#### [Required work]
An exact retyping of all lines below is the answer; pictures do not belong in it.

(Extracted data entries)
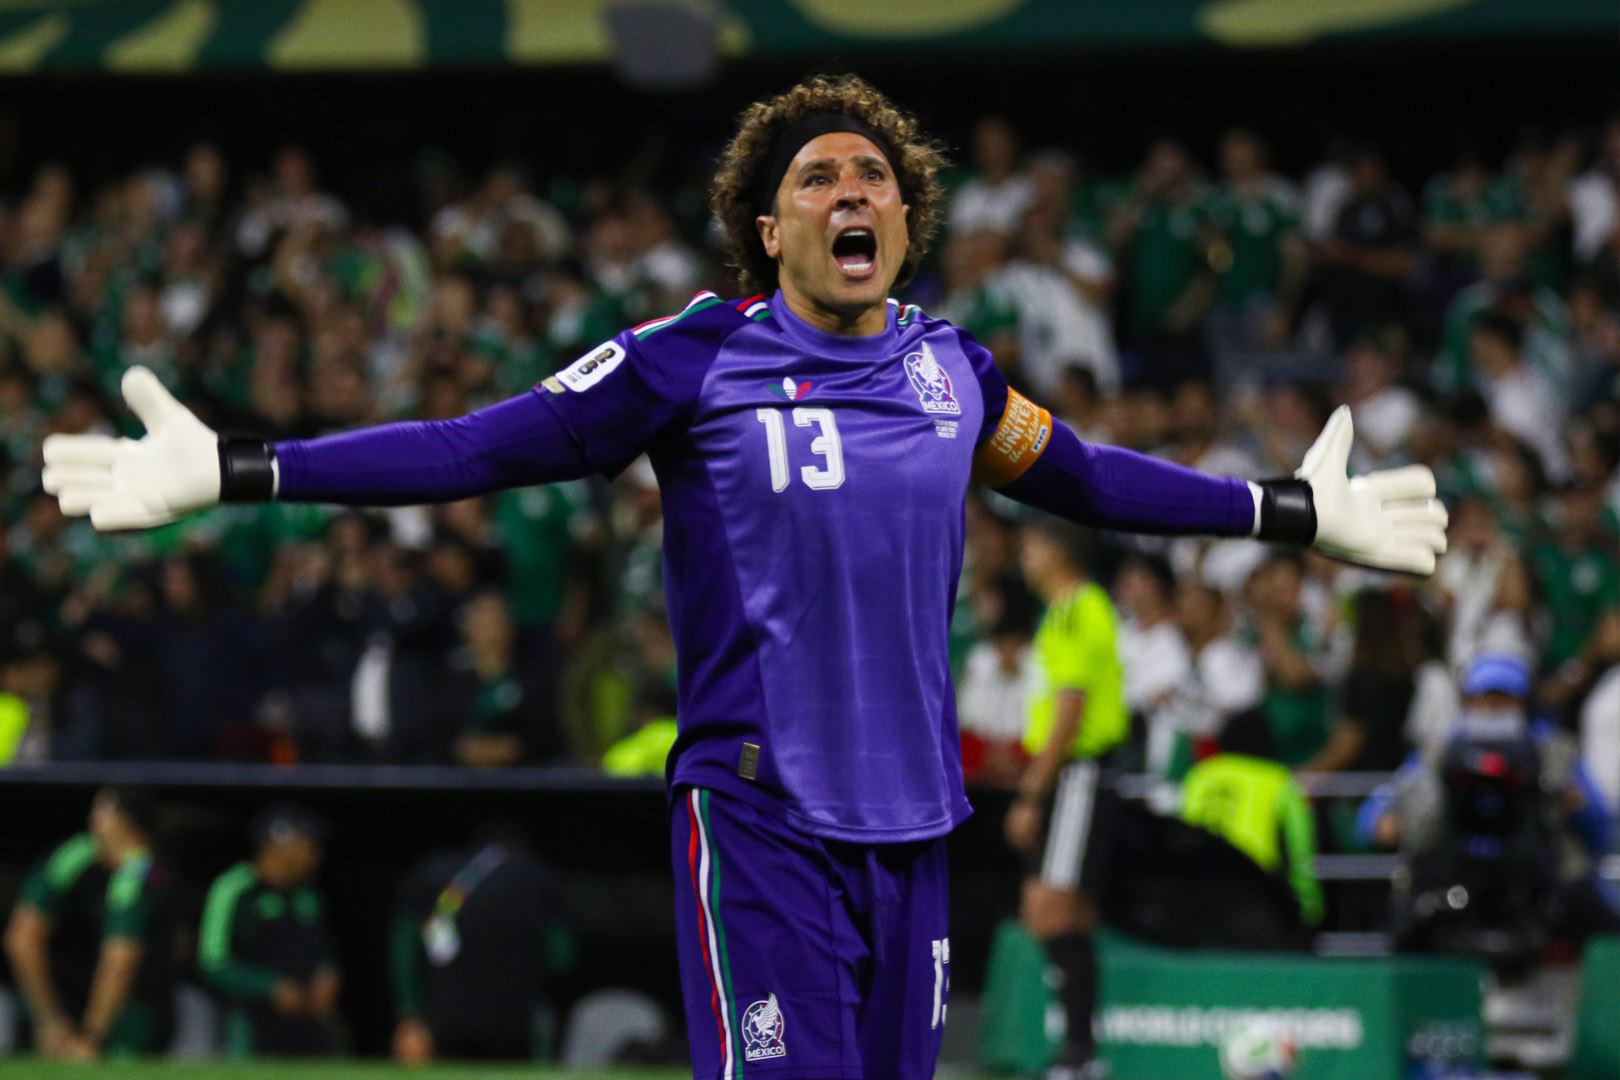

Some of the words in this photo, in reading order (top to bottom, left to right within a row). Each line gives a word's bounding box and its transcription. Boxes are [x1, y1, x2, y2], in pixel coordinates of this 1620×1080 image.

[990, 391, 1021, 448] FOOTBALL
[997, 400, 1031, 455] UNITES
[756, 407, 846, 493] 13
[747, 1046, 783, 1058] MÉXICO
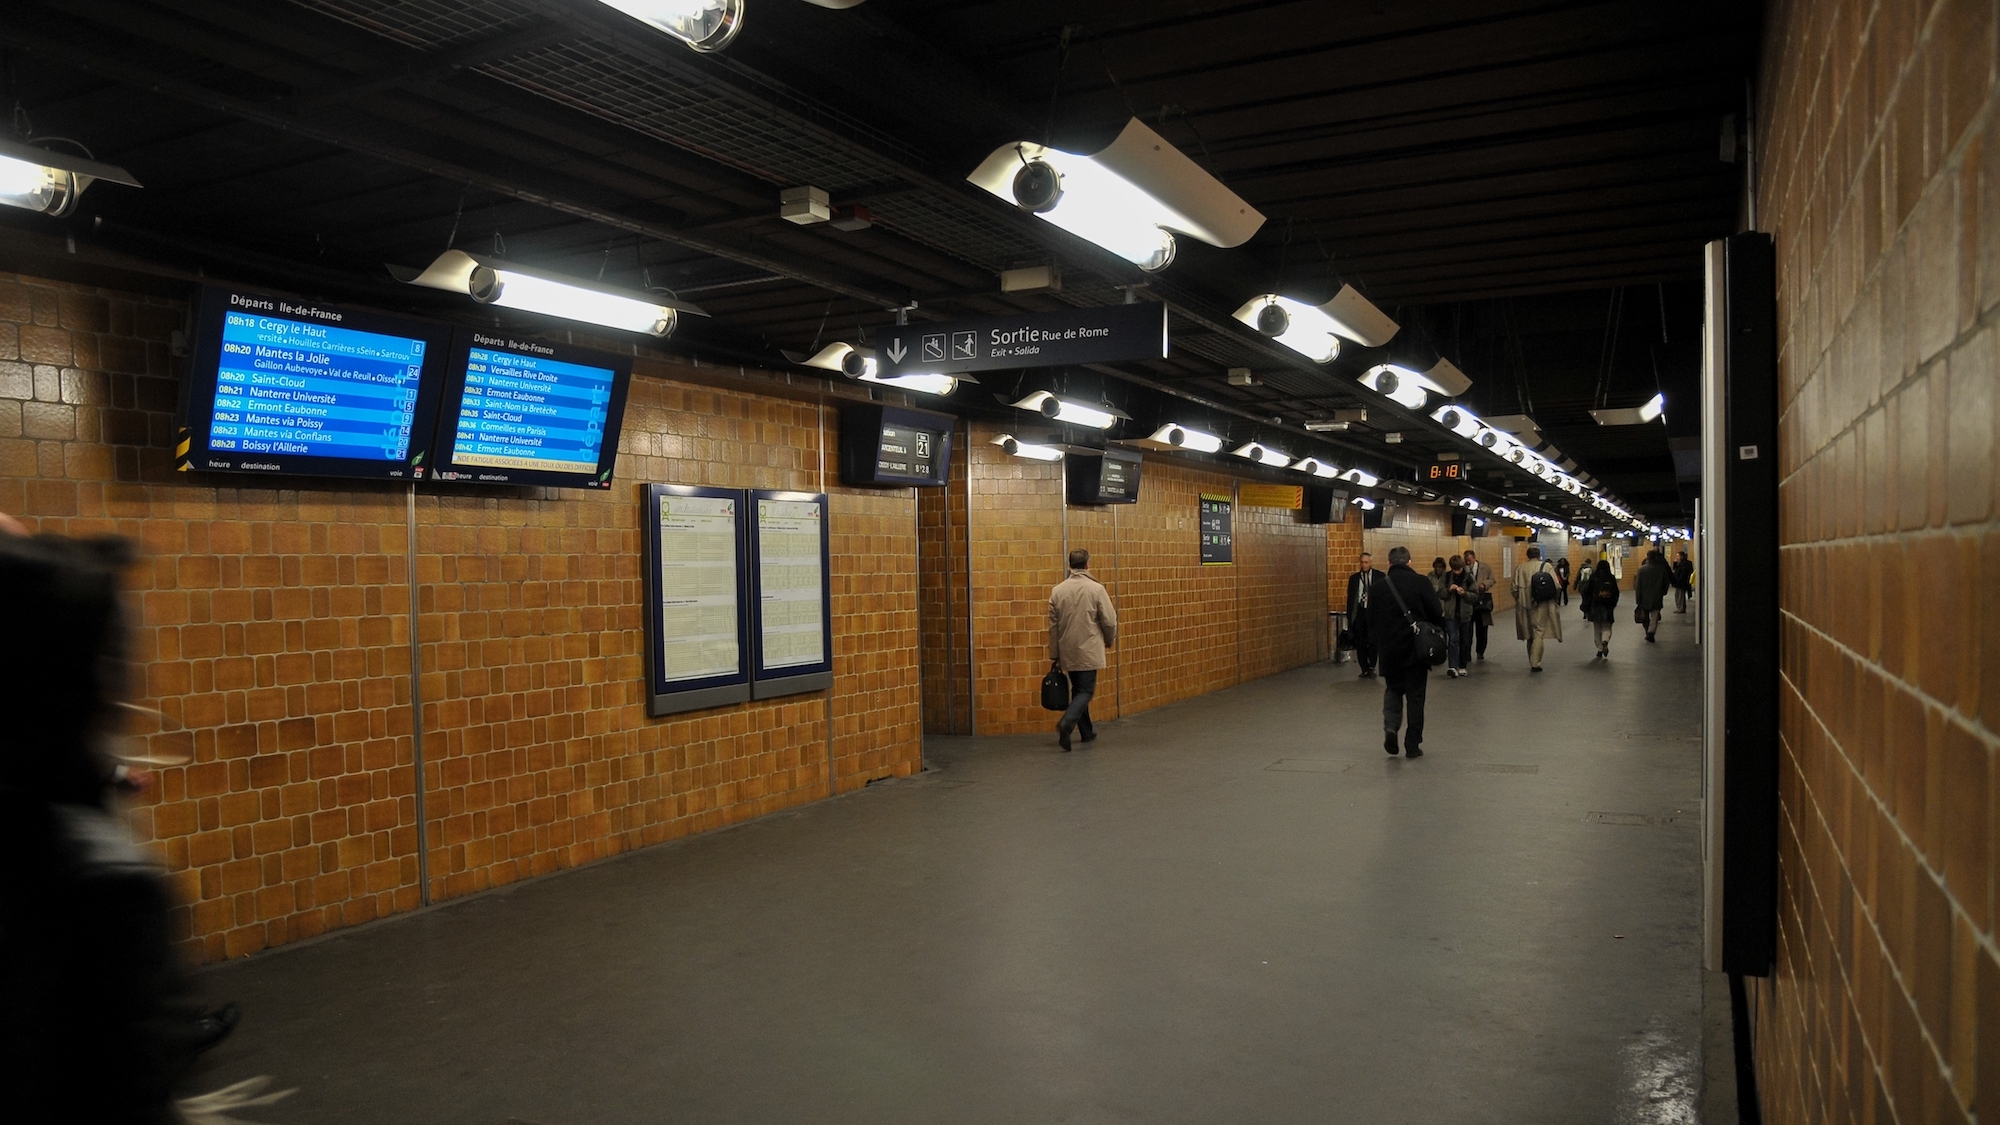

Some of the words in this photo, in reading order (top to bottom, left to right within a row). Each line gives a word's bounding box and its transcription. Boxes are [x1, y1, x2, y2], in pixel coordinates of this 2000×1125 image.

[231, 294, 274, 310] Départs
[280, 302, 342, 321] Ile-de-France
[228, 316, 255, 328] 08h18
[259, 318, 289, 334] Cergy
[291, 323, 300, 334] le
[302, 325, 327, 338] Haut
[990, 326, 1040, 346] Sortie
[1042, 330, 1061, 341] Rue
[1064, 328, 1076, 340] de
[1080, 327, 1109, 338] Rome
[288, 336, 320, 349] Houilles
[322, 341, 355, 354] Carrières
[474, 334, 505, 346] Départs
[508, 340, 554, 355] Ile-de-France
[990, 348, 1006, 358] Exit
[1014, 346, 1040, 356] Salida
[224, 343, 251, 355] 08h20
[256, 346, 294, 360] Mantes
[296, 351, 304, 362] la
[306, 352, 330, 365] Jolie
[492, 354, 512, 366] Cergy
[520, 359, 536, 368] Haut
[254, 358, 283, 370] Gaillon
[284, 363, 323, 376] Aubevoye
[328, 368, 341, 377] Val
[342, 370, 352, 378] de
[353, 371, 372, 382] Reuil
[376, 374, 398, 384] Oissel
[409, 368, 419, 376] 24
[491, 364, 522, 378] Versailles
[522, 370, 537, 380] Rive
[538, 372, 558, 383] Droite
[220, 371, 245, 381] 08h20
[252, 374, 306, 388] Saint-Cloud
[488, 376, 518, 388] Nanterre
[520, 382, 552, 393] Université
[219, 385, 242, 394] 08h21
[250, 386, 291, 400] Nanterre
[292, 391, 336, 404] Université
[486, 388, 512, 398] Ermont
[513, 392, 545, 403] Eaubonne
[217, 398, 241, 408] 08h22
[248, 400, 282, 413] Ermont
[284, 404, 328, 416] Eaubonne
[484, 400, 520, 412] Saint-Nom
[522, 404, 528, 412] la
[215, 412, 240, 422] 08h23
[246, 413, 280, 425] Mantes
[282, 417, 294, 426] via
[297, 418, 324, 430] Poissy
[483, 410, 522, 422] Saint-Cloud
[580, 384, 605, 461] départ
[213, 426, 238, 435] 08h23
[244, 427, 278, 438] Mantes
[280, 430, 293, 440] via
[294, 430, 332, 442] Conflans
[481, 422, 516, 433] Cormeilles
[526, 428, 547, 436] Parisis
[211, 440, 236, 449] 08h28
[242, 440, 272, 453] Boissy
[479, 432, 510, 443] Nanterre
[510, 436, 542, 446] Université
[477, 444, 502, 454] Ermont
[504, 446, 536, 456] Eaubonne
[918, 442, 928, 455] 21
[208, 460, 231, 469] heure
[241, 462, 280, 471] destination
[1430, 464, 1458, 478] 8:18
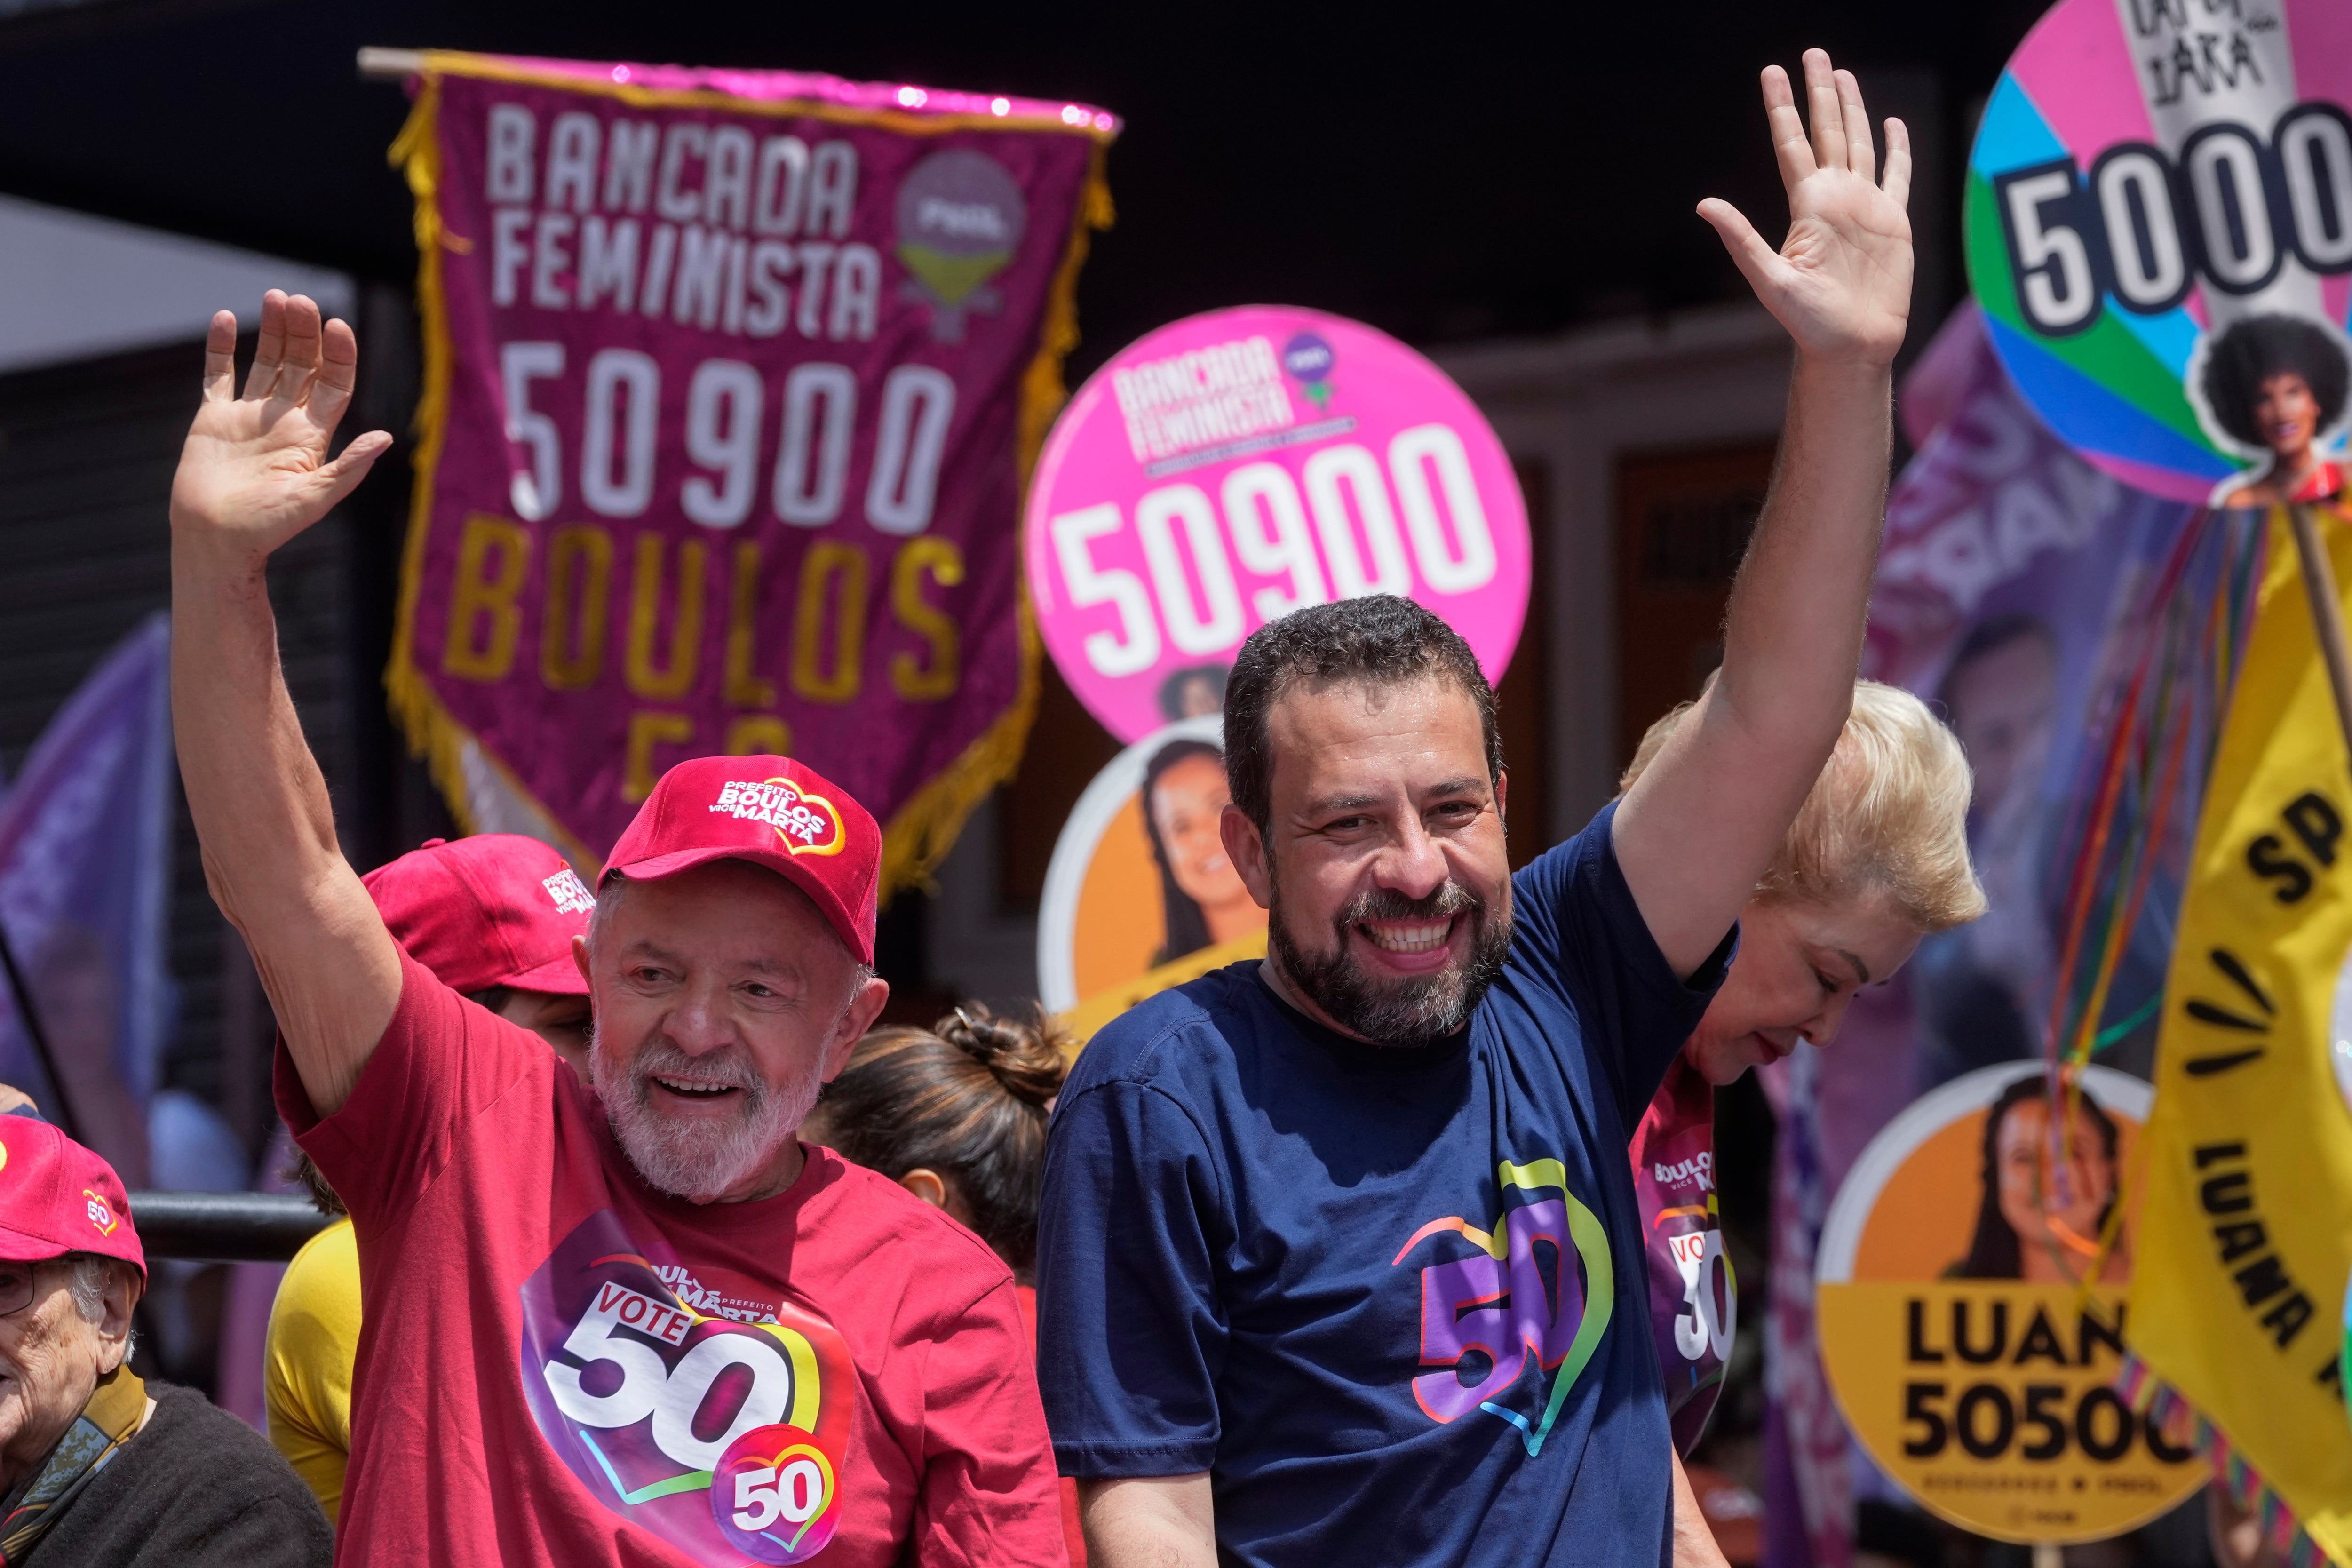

#### [Exercise output]
Some of the words in this photo, in reading order (top to bottom, left to right within a row). Each line gives a word's bounding box and its transcription. Boxes are [x1, y1, x2, y2], in pixel coordinates of this 1620×1080 image.

[990, 391, 1021, 448] FOOTBALL
[997, 400, 1031, 455] UNITES
[756, 407, 846, 493] 13
[747, 1046, 783, 1058] MÉXICO

Some of the words in this photo, in reading order (top to bottom, left to right within a row). Each line gives a word's bounding box and its transcription. Boxes are [x1, y1, x2, y2], in pixel coordinates of this 2000×1125 image.

[231, 294, 274, 310] Départs
[280, 302, 342, 321] Ile-de-France
[228, 316, 255, 328] 08h18
[259, 318, 289, 334] Cergy
[291, 323, 300, 334] le
[302, 325, 327, 338] Haut
[990, 326, 1040, 346] Sortie
[1042, 330, 1061, 341] Rue
[1064, 328, 1076, 340] de
[1080, 327, 1109, 338] Rome
[288, 336, 320, 349] Houilles
[322, 341, 355, 354] Carrières
[474, 334, 505, 346] Départs
[508, 340, 554, 355] Ile-de-France
[990, 348, 1006, 358] Exit
[1014, 346, 1040, 356] Salida
[224, 343, 251, 355] 08h20
[256, 346, 294, 360] Mantes
[296, 351, 304, 362] la
[306, 352, 330, 365] Jolie
[492, 354, 512, 366] Cergy
[520, 359, 536, 368] Haut
[254, 358, 283, 370] Gaillon
[284, 363, 323, 376] Aubevoye
[328, 368, 341, 377] Val
[342, 370, 352, 378] de
[353, 371, 372, 382] Reuil
[376, 374, 398, 384] Oissel
[409, 368, 419, 376] 24
[491, 364, 522, 378] Versailles
[522, 370, 537, 380] Rive
[538, 372, 558, 383] Droite
[220, 371, 245, 381] 08h20
[252, 374, 306, 388] Saint-Cloud
[488, 376, 518, 388] Nanterre
[520, 382, 552, 393] Université
[219, 385, 242, 394] 08h21
[250, 386, 291, 400] Nanterre
[292, 391, 336, 404] Université
[486, 388, 512, 398] Ermont
[513, 392, 545, 403] Eaubonne
[217, 398, 241, 408] 08h22
[248, 400, 282, 413] Ermont
[284, 404, 328, 416] Eaubonne
[484, 400, 520, 412] Saint-Nom
[522, 404, 528, 412] la
[215, 412, 240, 422] 08h23
[246, 413, 280, 425] Mantes
[282, 417, 294, 426] via
[297, 418, 324, 430] Poissy
[483, 410, 522, 422] Saint-Cloud
[580, 384, 605, 461] départ
[213, 426, 238, 435] 08h23
[244, 427, 278, 438] Mantes
[280, 430, 293, 440] via
[294, 430, 332, 442] Conflans
[481, 422, 516, 433] Cormeilles
[526, 428, 547, 436] Parisis
[211, 440, 236, 449] 08h28
[242, 440, 272, 453] Boissy
[479, 432, 510, 443] Nanterre
[510, 436, 542, 446] Université
[477, 444, 502, 454] Ermont
[504, 446, 536, 456] Eaubonne
[918, 442, 928, 455] 21
[208, 460, 231, 469] heure
[241, 462, 280, 471] destination
[1430, 464, 1458, 478] 8:18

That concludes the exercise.